The safety and scientific validity of this study is the responsibility of the study sponsor and investigators. Listing a study does not mean it has been evaluated by the U.S. Federal Government. Read our disclaimer for details.
 
ClinicalTrials.gov Identifier: NCT00972699
Recruitment Status : Completed
First Posted : September 7, 2009
Last Update Posted : May 3, 2013
Sponsor:
Collaborators:
National Institute of Mental Health (NIMH)
Human Sciences Research Council
Information provided by (Responsible Party):
Mary Jane Rotheram-Borus, University of California, Los Angeles

Brief Summary:
The purpose of this study is to test a mother-to-mother intervention during pregnancy and after delivery with Mothers Living with HIV (MLH)in South Africa. We hypothesize that the intervention will enhance the adjustment of the children of MLH by improving the health and mental health of MLH which benefits their children, as well as the MLH.

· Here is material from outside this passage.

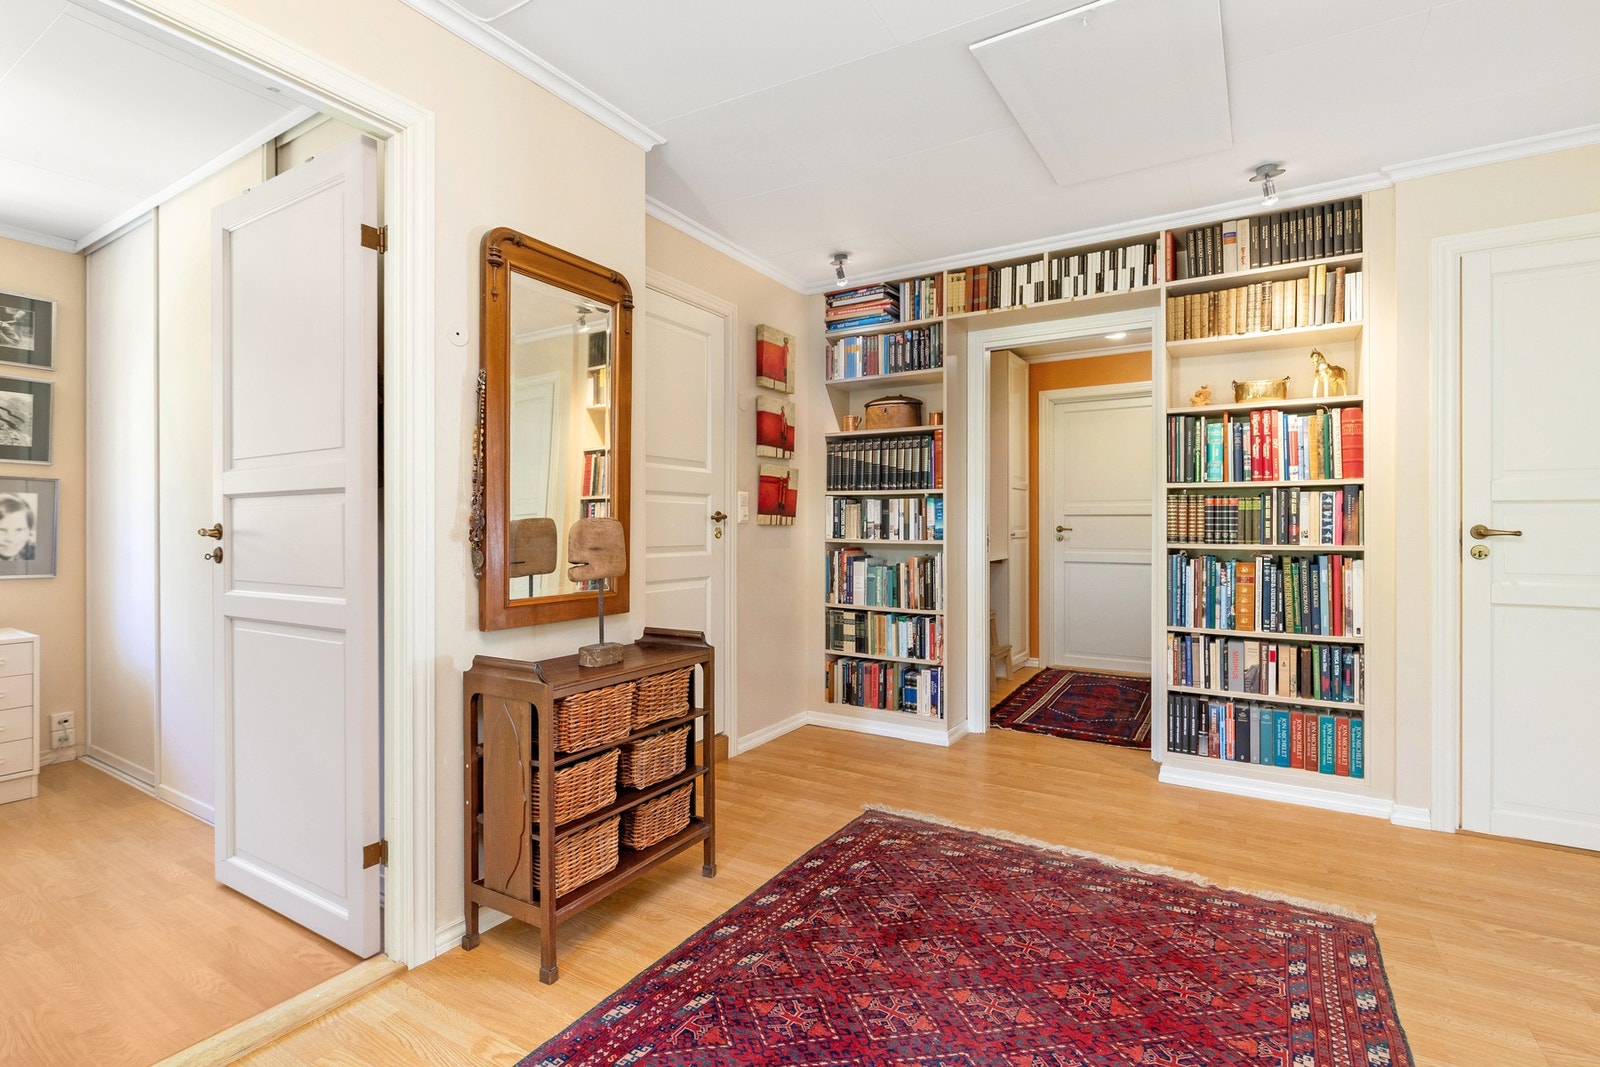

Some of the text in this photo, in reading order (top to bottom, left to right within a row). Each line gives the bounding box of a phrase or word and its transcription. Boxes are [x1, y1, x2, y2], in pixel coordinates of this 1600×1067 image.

Condition or disease Intervention/treatment Phase
Human Immunodeficiency Virus Acquired Immune Deficiency Syndrome Tuberculosis Behavioral: Peer support and mentoring Phase 2

Detailed Description:

South Africa's HIV/AIDS epidemic, one of the worst in the world, has shown little evidence of decline and is indicative of the urgent need to focus on both preventative and treatment intervention efforts (UNAIDS, 2006). In South Africa, close to one in three women who attend public antenatal clinics are living with HIV (UNAIDS, 2006). In KwaZulu-Natal (KZN) - one of the worst affected provinces - as many as 40% to 60% of pregnant women attending antenatal services are living with HIV (Rochat et al., 2006; Kharsany et al., 2004).

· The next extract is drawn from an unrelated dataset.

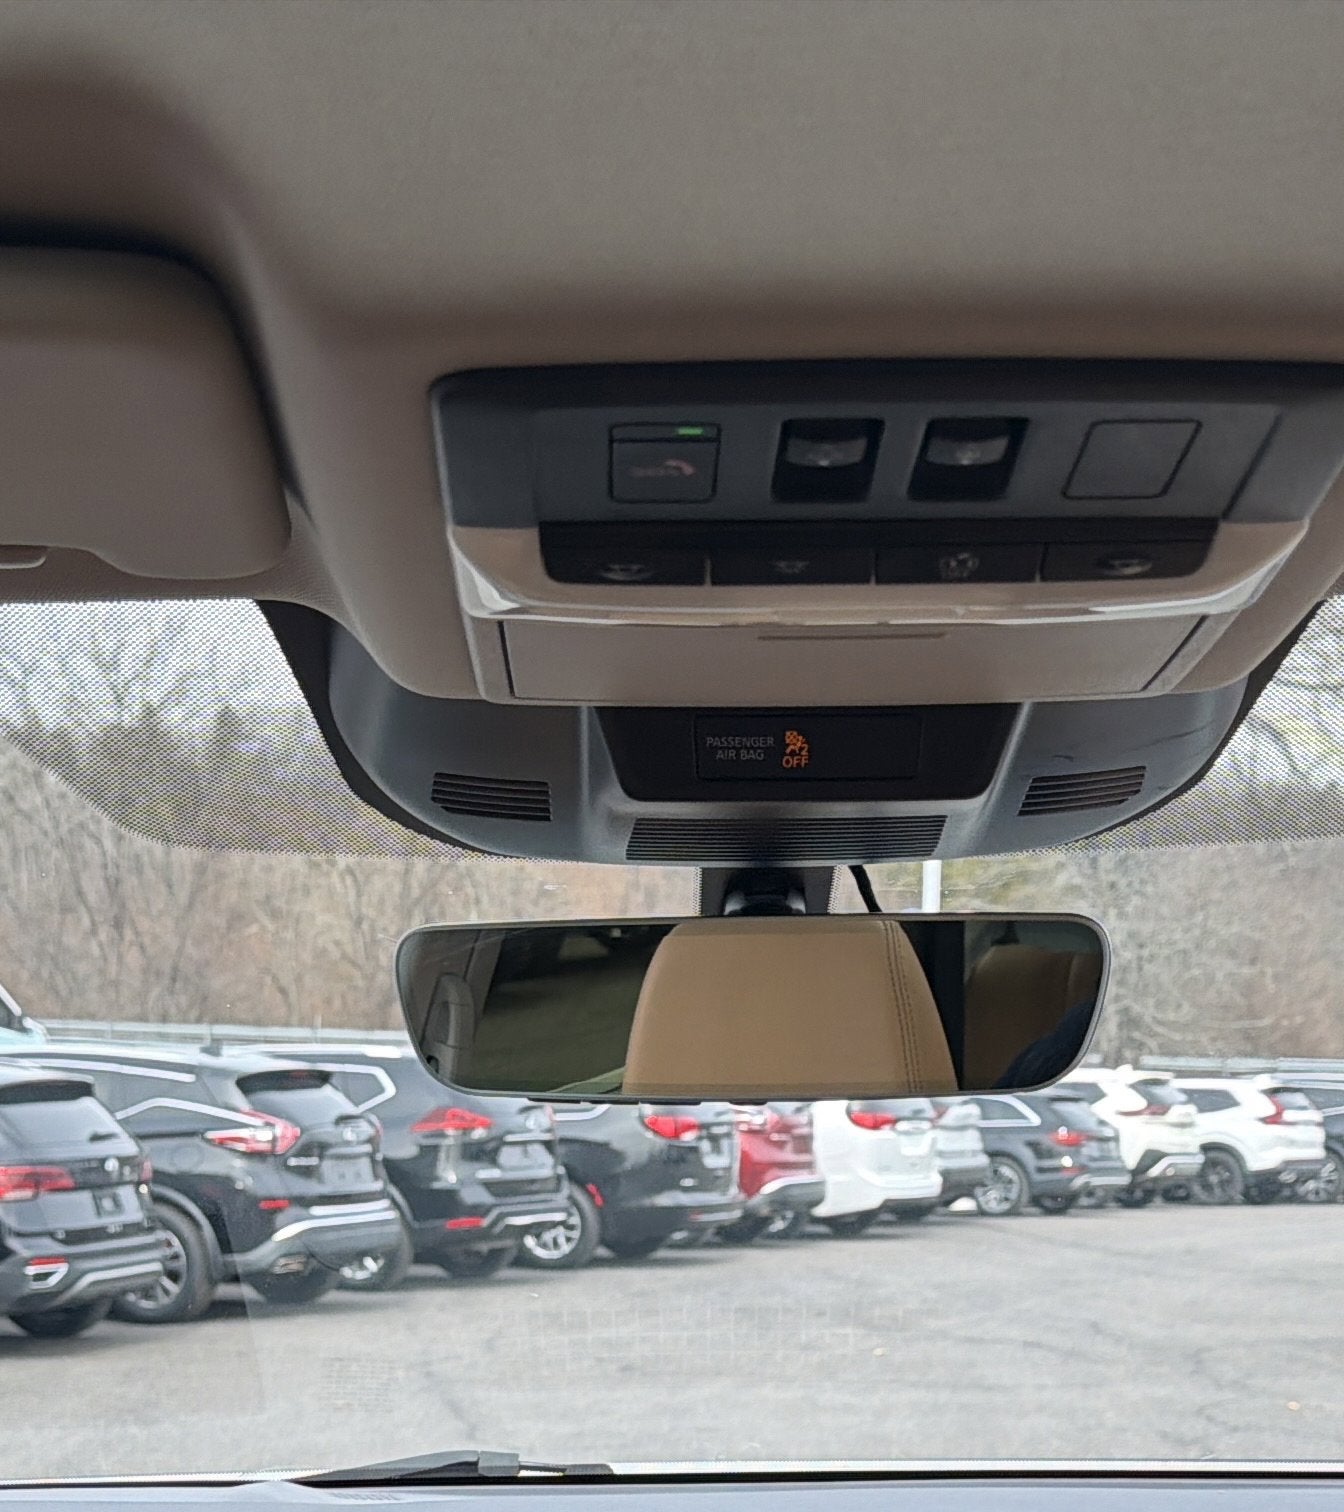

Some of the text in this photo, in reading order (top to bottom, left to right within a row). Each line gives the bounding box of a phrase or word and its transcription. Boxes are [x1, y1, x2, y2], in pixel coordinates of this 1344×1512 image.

[706, 737, 775, 748] PASSENGER
[716, 749, 765, 760] AIR BAG
[782, 756, 809, 768] OFF

HIV infection in pregnant women raises a number of issues that are not faced by HIV-infected men or non pregnant women (Ojikutu & Stone, 2005) and has particular implications for the successful prevention of mother-to-child transmission (Raisler & Cohn, 2005). Most women learn their HIV status for the first time during antenatal testing, which can be distressing and may introduce or further compound psychological, social and health risks in the antenatal and post natal period (Firn & Norman, 1995; Patel V, Rahman A, Jacob KS, & Hughes M, 2004; Patel, DeSouza, & Rodrigues, 2003; Rochat et al., 2006; Shisana et al., 2005; Stein et al., 2005). Research on the uptake of treatment for HIV indicates that poor mental health and a lack of social support are associated with lowered uptake of HAART (Cook et al., 2006), lowered adherence to anti-retroviral medication (Ammassari, Trotta, Murri, & et al., 2002; DiMatteo, Lepper, & Croghan, 2000; Ickovics et al., 2001; Starace et al., 2002)and increased disease progression (Ickovics et al., 2001).

Fortunately, HIV testing and access to antiretroviral drugs (ARV) to prevent mother-to-child transmission (PMTCT) from HIV positive pregnant women to their babies are currently being scaled up in South Africa (Civil Society HIV and AIDS Congress, 2005; Department of Health, 2005). While the potential exists to cut transmission to babies from mothers living with HIV(MLH), maternal HIV disease has been demonstrated to have negative consequences on maternal mental health and social support and children's emotional, social and developmental outcomes and adjustment - both as a result of chronic HIV illness and as a result of the psychological and social burden of HIV on care giving (Stein et al., 2005; Krebs, Stein, & Rochat, 2005; Stein et al., 2005; Sherr, 2005; Dunn, 2005; Hough, Brumitt, Templin, Saltz, & Mood, 2003).

While PMTCT programs provide the opportunity for women to prevent transmission through medical and feeding interventions, the needs of mothers living with HIV extend well beyond this. The psychosocial challenges facing mothers living with HIV are substantial and, if children are to have positive outcomes, it is necessary to provide mothers living with HIV with the support, skills and knowledge to protect and promote their own health and well-being, that of their babies, and, hopefully, their partners (Rochat et al., 2006; Stein et al., 2005; 2006).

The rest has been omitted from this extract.